Il traversa la pinède qui entourait la maison. Ce mercredi du mois de mars avait un avant-goût de printemps. Dans les branches, on entendait les premiers chants d’oiseaux et les amandiers s’étaient couverts de fleurs. Certains arbres avaient souffert du froid, cet hiver. Il faudrait peut-être les tailler. Et fleurir les banquettes en bordure de terrasse. Promis, il le ferait, le week-end suivant !

Comme à son habitude, il entra dans la maison en passant par le garage. La voiture de sa femme s’y trouvait. Elle n’était donc pas sortie. Il valait peut-être mieux qu’elle ne conduise pas dans son état, même si cela induisait qu’il devrait aller lui-même chercher les filles à Carpentras. Il déposa son sac de sport près du lave-linge – penser à le laver et le récupérer pour le week-end prochain – et pénétra dans la cuisine par la porte de communication. Elle se tenait là, assise à la table, serrant sa tasse de café entre ses mains. Il se pencha pour l’em­bras­ser et lui tendit le bouquet de fleurs :
— Bon anniversaire, ma chérie. Même si je te le souhaite avec un peu de retard. J’ai réservé le restaurant pour samedi, mais j’ai un problème. Michel vient de m’appeler pour que je le remplace dans un tournoi où il s’était inscrit. Alors, si tu vas mieux, et si tu en as envie, tu vas au restaurant avec les filles, et tu en profites pour te choisir un cadeau.
Comme elle ne réagissait pas, il ressentit pour elle un peu de compassion. Il enchaîna :
— Ou bien, on reporte d’une semaine. Comme ça, je pourrai être avec vous. Qu’en dis-tu ?

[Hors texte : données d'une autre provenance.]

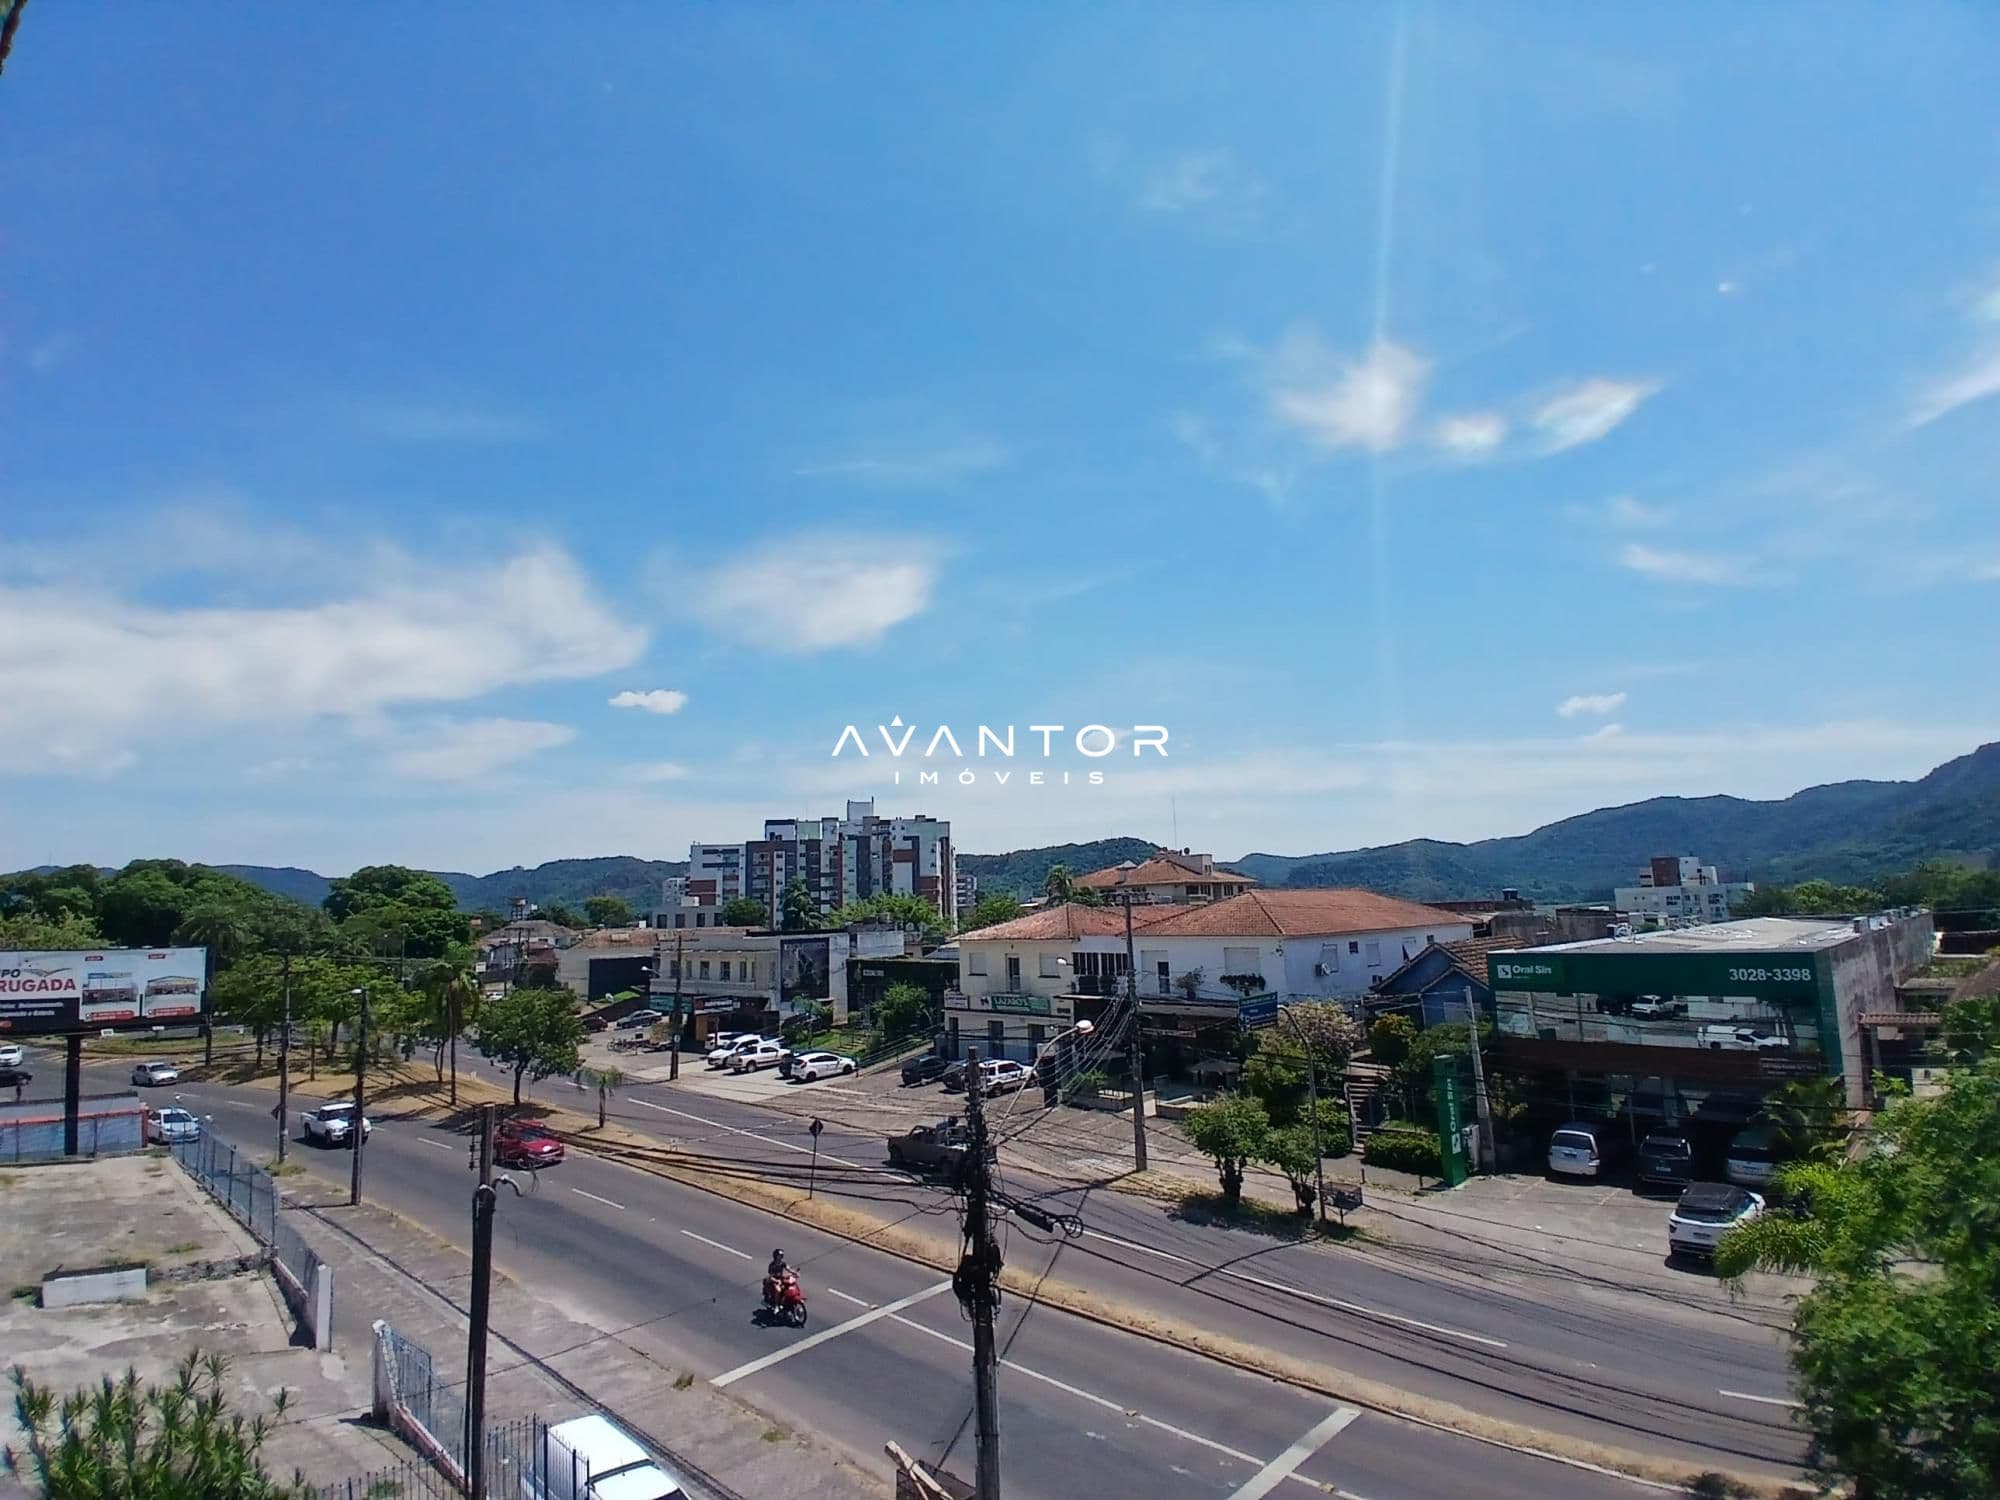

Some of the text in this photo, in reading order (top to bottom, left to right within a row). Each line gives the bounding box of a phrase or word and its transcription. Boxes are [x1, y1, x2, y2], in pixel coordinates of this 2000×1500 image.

[1512, 964, 1552, 974] Oral Sin
[1728, 968, 1812, 981] 3028-3398
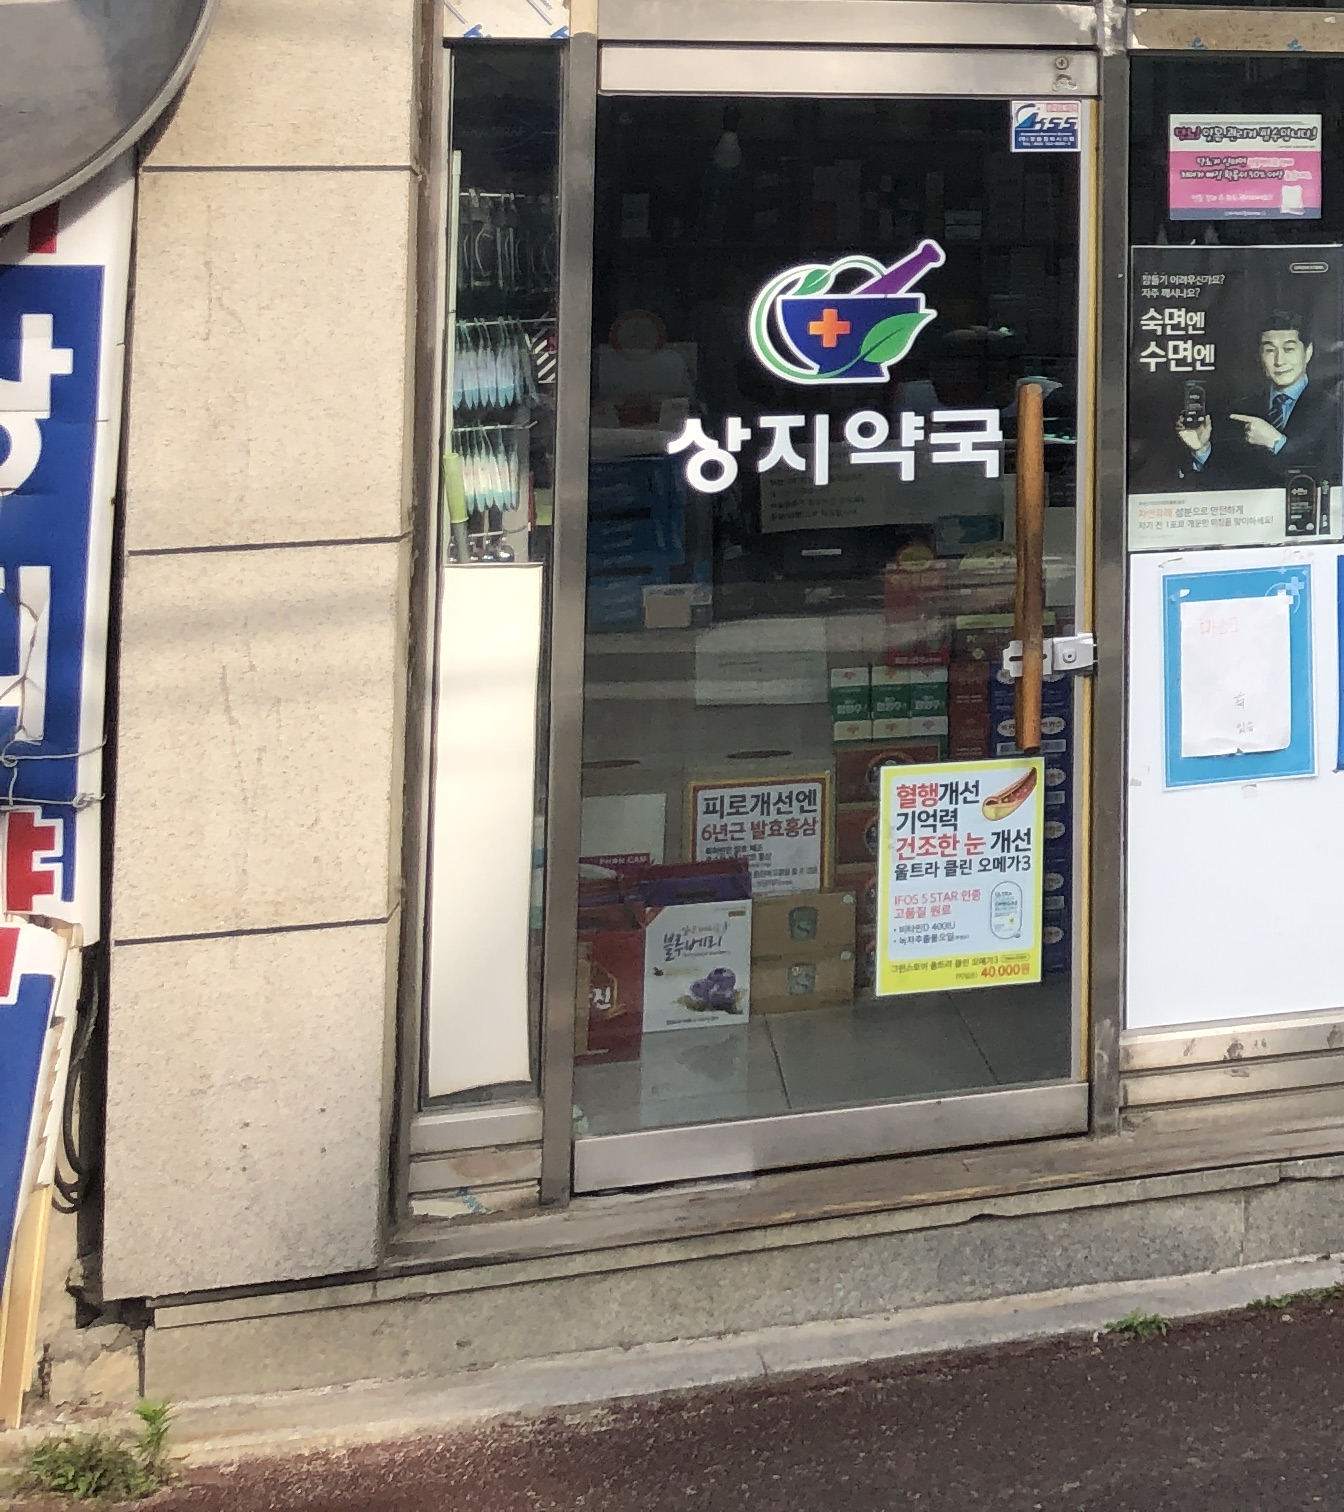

Elle leva enfin les yeux vers lui, et grimaça un sourire :
— Rien. Je te quitte.
— Pardon ?
— Je m’en vais. Je te quitte.

C’est alors qu’il remarqua la voix ferme, le regard déterminé, les mains qui ne tremblaient pas. Le peu de compassion qu’il avait ressentie s’évapora d’un coup, remplacée par une colère dévastatrice. Ça, elle n’en avait pas le droit. Elle ne l’avait jamais eu, elle le savait, il le lui avait bien fait comprendre. Alors, il s’avança vers elle, qui le défiait du regard, et lui envoya un coup violent au visage. Sous le choc, elle partit en arrière avec sa chaise. Dans sa chute, son crâne heurta l’angle de la cuisinière.